# Multilevel

Multilevel is needed when we want to model a hierarchical structure. Because the world is full of hierarchies (students within classes within schools, time within people, penalties within goalkeepers, clients within therapists and what we often forget in  science, research subjects within experimenters), we quite often, or almost always, need multilevel models. Through several examples (Clark, 1973; Van Baaren, Holland, Steenaert, & van Knippenberg; Hoeken & Hustinx, 2009) I hope to have shown the necessity of this procedure. However, I’ve gotten the question what the assumptions of multilevel models where. Because I did not had a straight answer, I would like to take this opportunity to address this question here.
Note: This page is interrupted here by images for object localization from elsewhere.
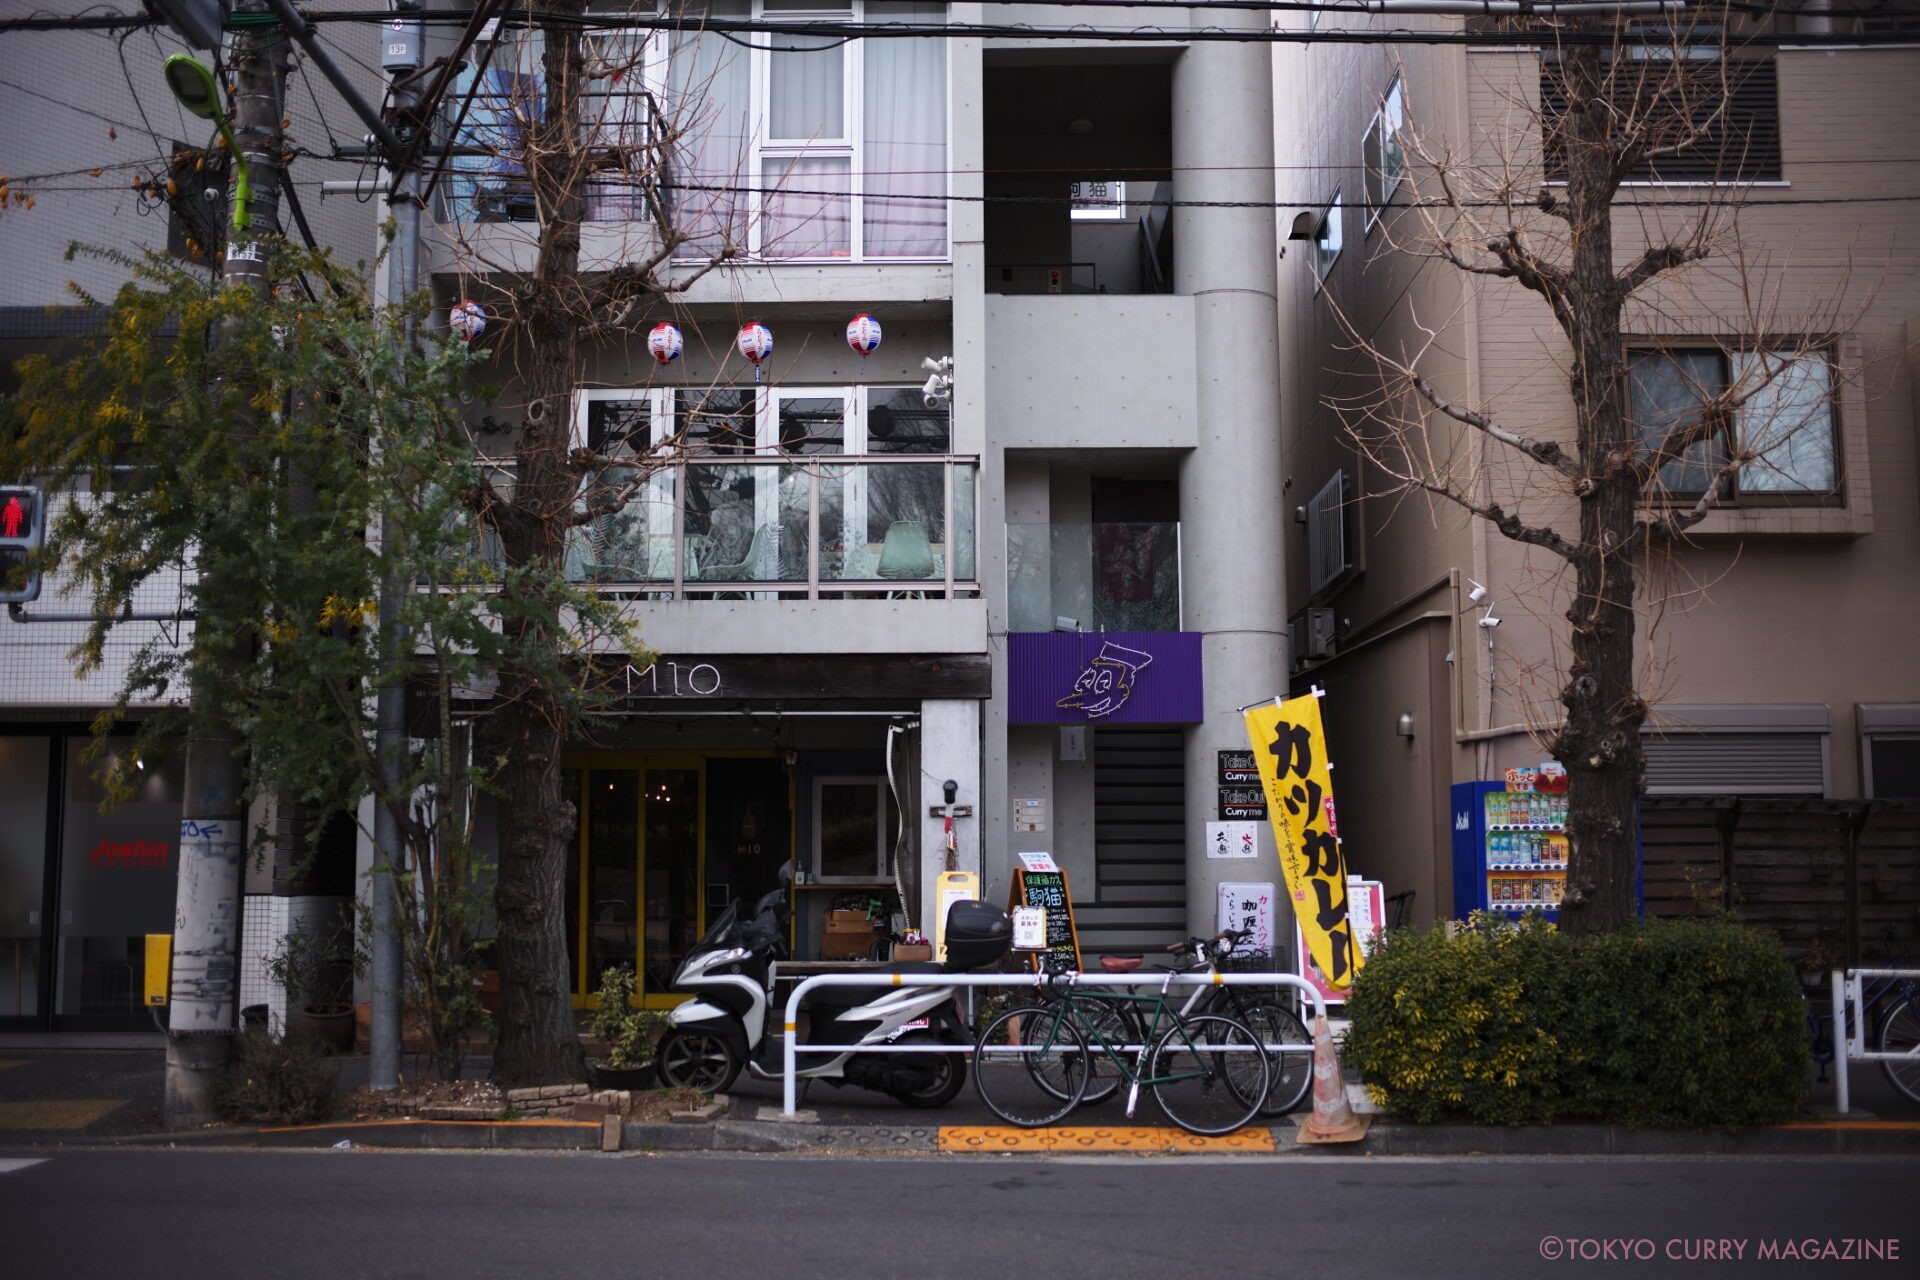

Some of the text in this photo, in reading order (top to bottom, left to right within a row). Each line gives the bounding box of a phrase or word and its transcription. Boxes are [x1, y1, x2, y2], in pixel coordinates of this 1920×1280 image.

[1225, 772, 1247, 781] Curry
[1508, 771, 1534, 782] ホッと
[1220, 789, 1247, 804] Take
[1225, 807, 1247, 817] Curry
[1269, 721, 1348, 981] カツカレー
[1028, 887, 1062, 906] 駒猫
[1258, 895, 1268, 951] カレーハウス
To understand this, I quickly have to explain the nature of multilevel modeling. A complete (random intercept, random slope) multilevel model consists of a normal regression equation, yij=b0j+b1j*Xi+eij, where the subscripts i represent the differences between individuals and the subscripts j represent the differences between groups. The differences between groups are specified by regressing with a new formula (level 2) on the intercept and slope parameter, b0j=y00+u0j and b1j=y10+u1j (one of these equations can be dropped to get a fixed intercept, random slope or random intercept, fixed slope parameter model, see all three models in the figures below).
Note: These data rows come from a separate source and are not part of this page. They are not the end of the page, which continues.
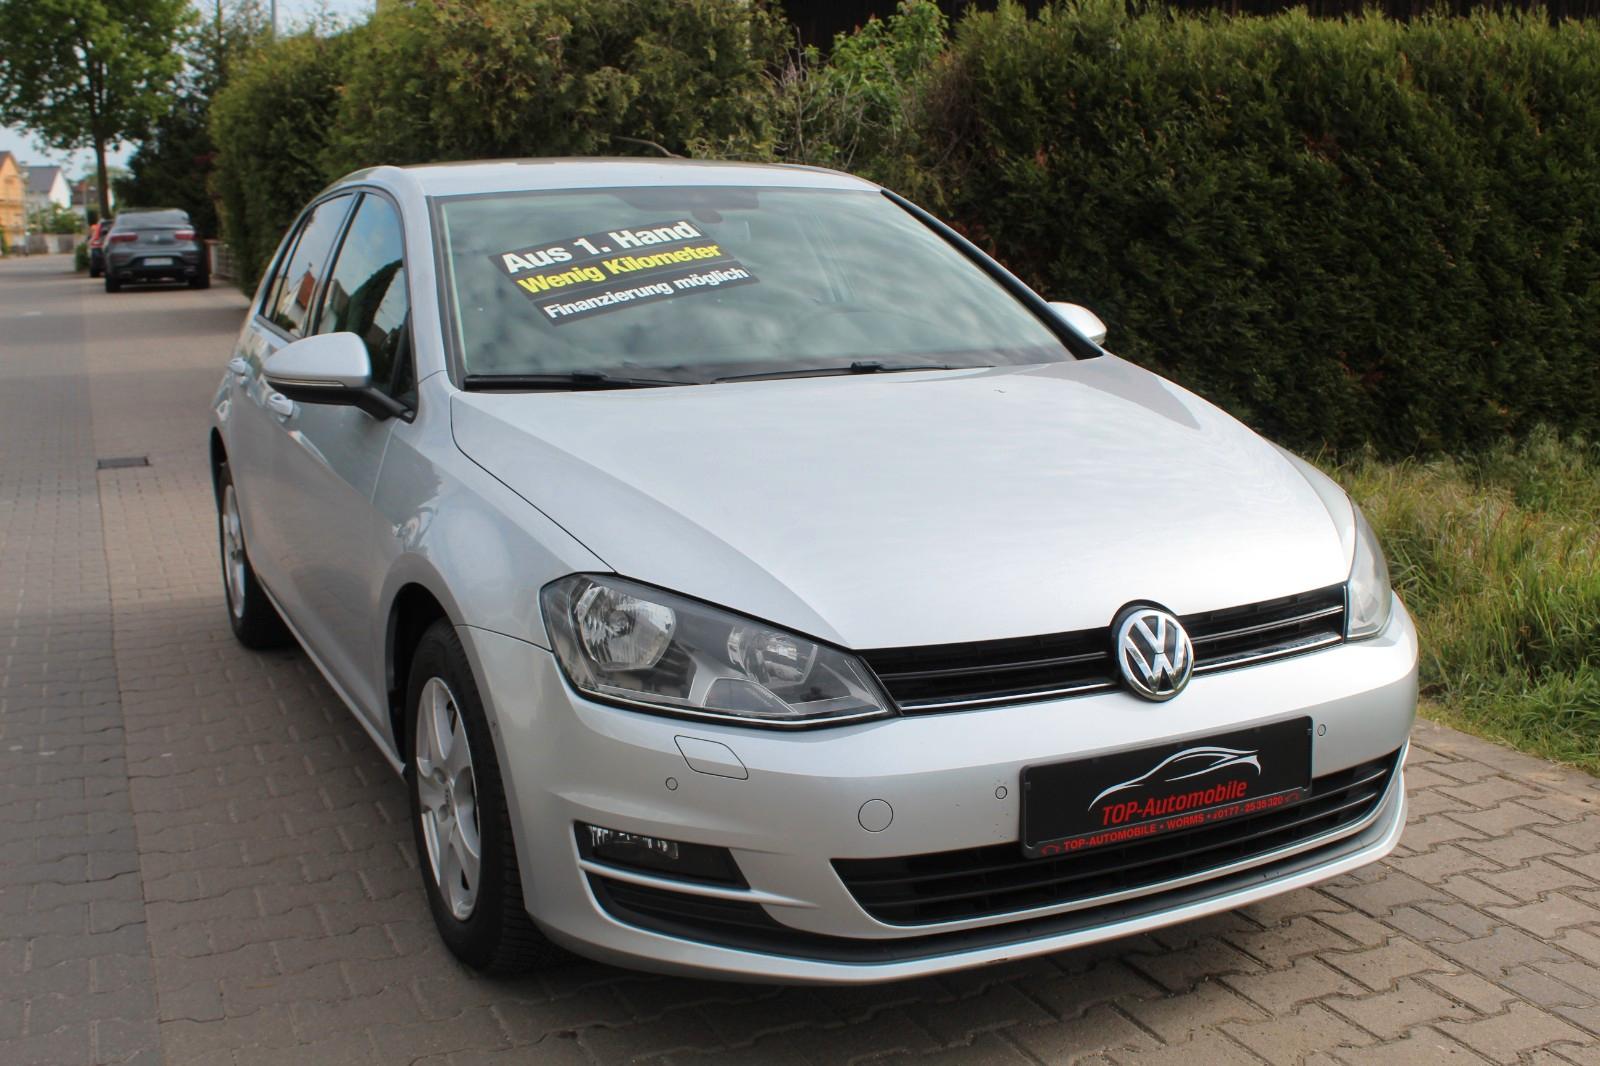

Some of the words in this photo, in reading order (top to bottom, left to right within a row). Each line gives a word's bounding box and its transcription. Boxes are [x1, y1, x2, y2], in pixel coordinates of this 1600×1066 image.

[502, 247, 573, 273] Aus
[573, 237, 612, 256] 1.
[608, 221, 702, 250] Hand
[517, 264, 607, 293] Wenig
[602, 243, 722, 275] Kilometer
[543, 281, 674, 318] Finanzierung
[673, 266, 750, 290] möglich
[1102, 780, 1248, 825] TOP-Automobile
[1063, 823, 1157, 851] TOP-AUTOMOBILE
[1166, 813, 1204, 830] WORMS
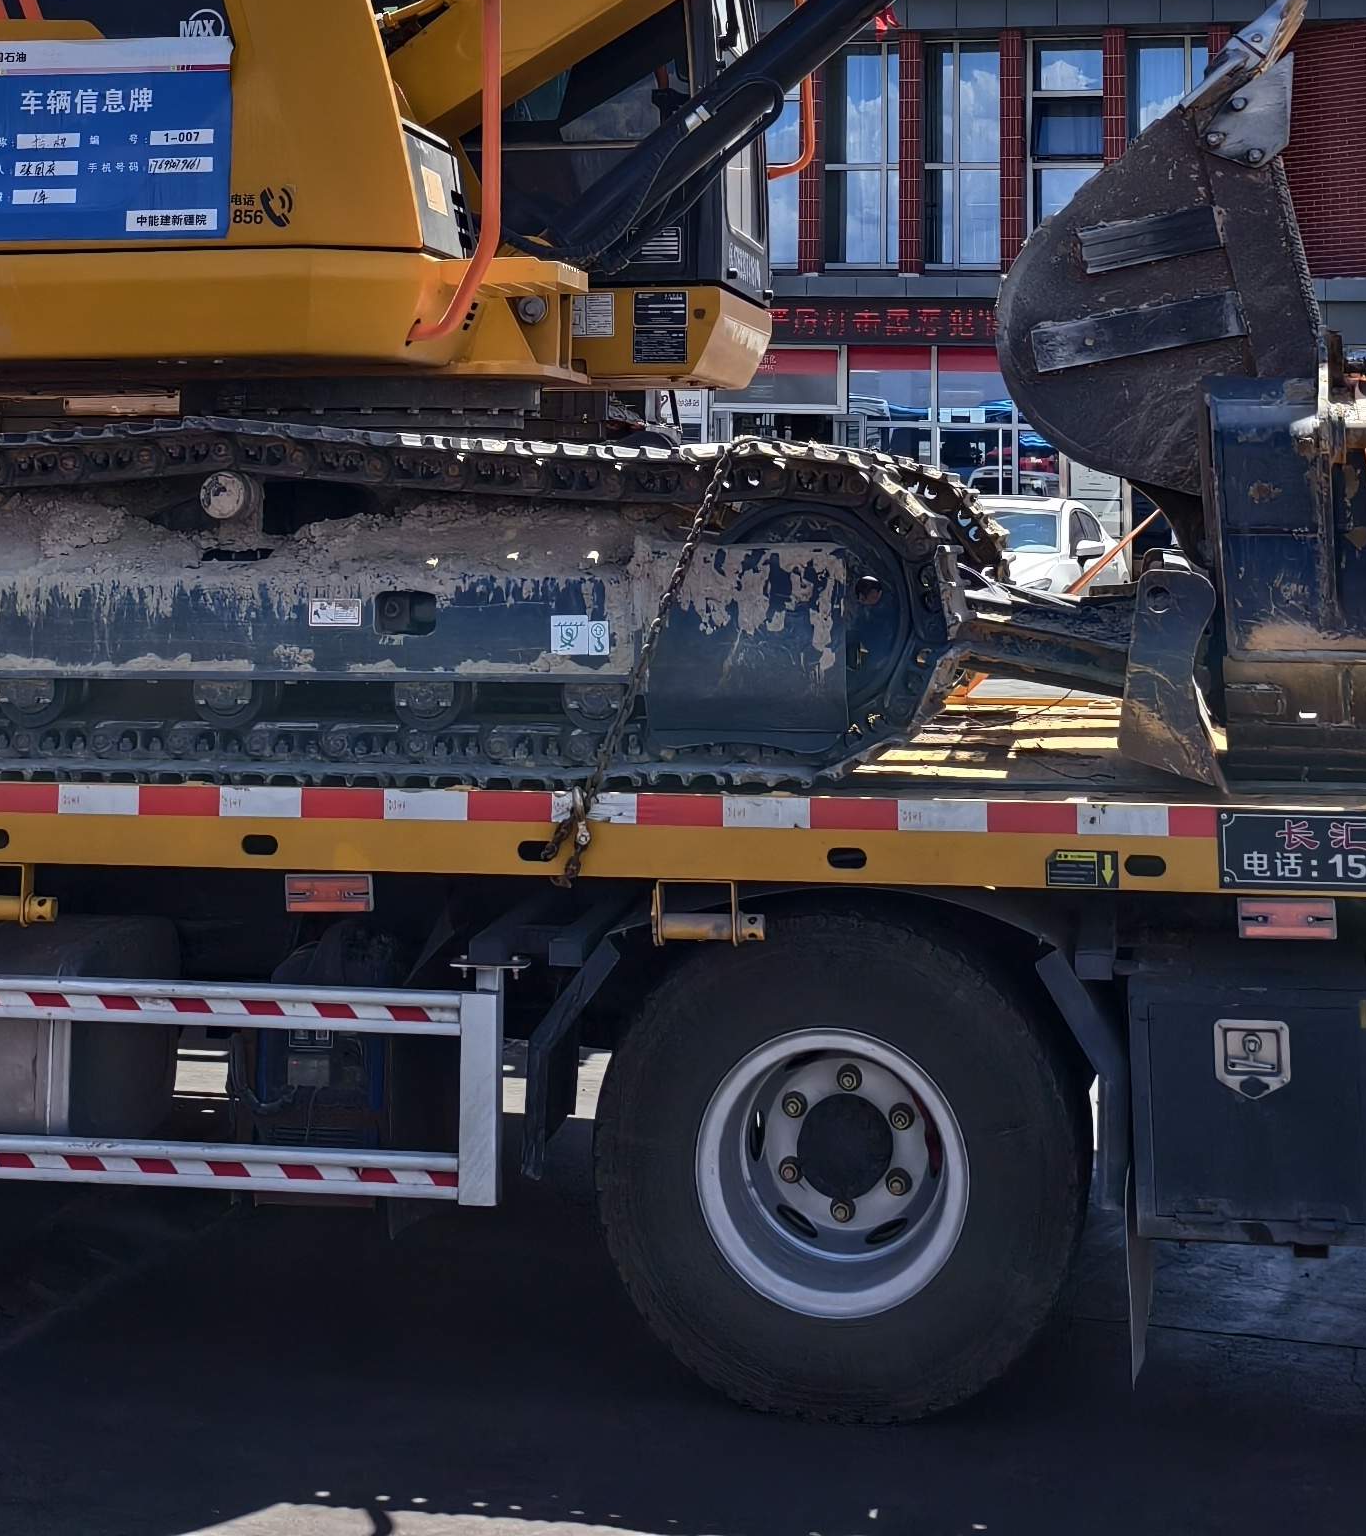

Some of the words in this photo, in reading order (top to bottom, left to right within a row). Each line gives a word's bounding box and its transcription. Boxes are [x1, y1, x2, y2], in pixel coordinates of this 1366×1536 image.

[179, 19, 215, 37] MAX
[20, 87, 154, 115] 车辆信息牌
[164, 131, 200, 143] 1-007
[137, 214, 207, 227] 中能建新疆院
Now to the assumptions. These are the same as in ordinary multiple regression analysis

• linear relationships,
• normal distribution of the residuals,
• and homoscedasticity.

When the assumption of linearity is violated we could check for other relations (for instance, by using the square of a time variable in a longitudinal study). Note that due to the introduction of multiple levels there is now more than one residuals. Of course this complicates matters a bit, but it has been shown that multilevel estimation methods are quite robust for violations of this assumption on the second level (Hox & Maas, 2004). Another great advantage of multilevel is that heteroscedasticity can be modeled directly, to account violations of the final assumption (cf. Goldstein, 1995, pp. 48–57).

So to sum up, USE MULTILEVEL!

Goldstein, H., 1995. Multilevel Statistical Models. Edward Arnold, London; Halsted, New York.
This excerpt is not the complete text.